There are more levels of expertise than there are types of incompetence
I like the first two paragraphs of this article from Cedric Chin:
One of the inconvenient facts of expertise is that experts can see more gradients of expertise than novices can. A friend once described it to me as: “there are more levels of expertise than there are types of incompetence”, and I think about that framing a lot.
Why is this inconvenient? The obvious way this is inconvenient is that — as a novice, you often can’t tell why an expert is good at what they do, or how one expert is better than another. This in turn means that you can’t easily break down how or why experts are able to do the things that they do, so that you may learn from them. This applies as much to business and management as it does to music and chess.
… but I can’t vouch for the rest where he makes his case for using “seeing expertise” as a self-improvement goal. (That could be because I for better or worse have an aversion to self-help texts.) Read for yourself, it’s interesting and your mileage certainly may vary.

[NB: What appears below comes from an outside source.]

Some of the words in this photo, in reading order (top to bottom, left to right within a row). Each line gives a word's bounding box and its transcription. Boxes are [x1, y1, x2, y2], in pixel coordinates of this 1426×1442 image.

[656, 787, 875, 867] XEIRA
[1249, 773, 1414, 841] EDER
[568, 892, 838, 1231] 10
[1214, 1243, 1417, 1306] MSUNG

The idea itself, that the resolution — the raw number of bits one can bring to bear on a problem — is something that distinguishes knowledgeable individuals from novices is useful. Certainly it has something to do with why novices often believe in something is “easy” or “hard.”

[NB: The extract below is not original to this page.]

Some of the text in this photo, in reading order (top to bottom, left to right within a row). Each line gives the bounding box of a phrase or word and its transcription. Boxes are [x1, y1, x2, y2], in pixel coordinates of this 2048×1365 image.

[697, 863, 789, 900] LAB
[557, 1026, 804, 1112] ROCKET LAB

I feel like there’s a connection here to the famous Bruce Lee quote:
Before I learned the art, a punch was just a punch, and a kick, just a kick. After I learned the art, a punch was no longer a punch, a kick, no longer a kick. Now that I understand the art, a punch is just a punch and a kick is just a kick.
What the “levels of expertise” piece misses in my opinion is that it implies “seeing the levels” is “expertise.” I would argue that falls short. Bruce Lee’s version of an expert has moved past the levels-seeing, and is fully in the mode of understanding. He or she has transcended those different levels. For my money this is a much more worthwhile goal.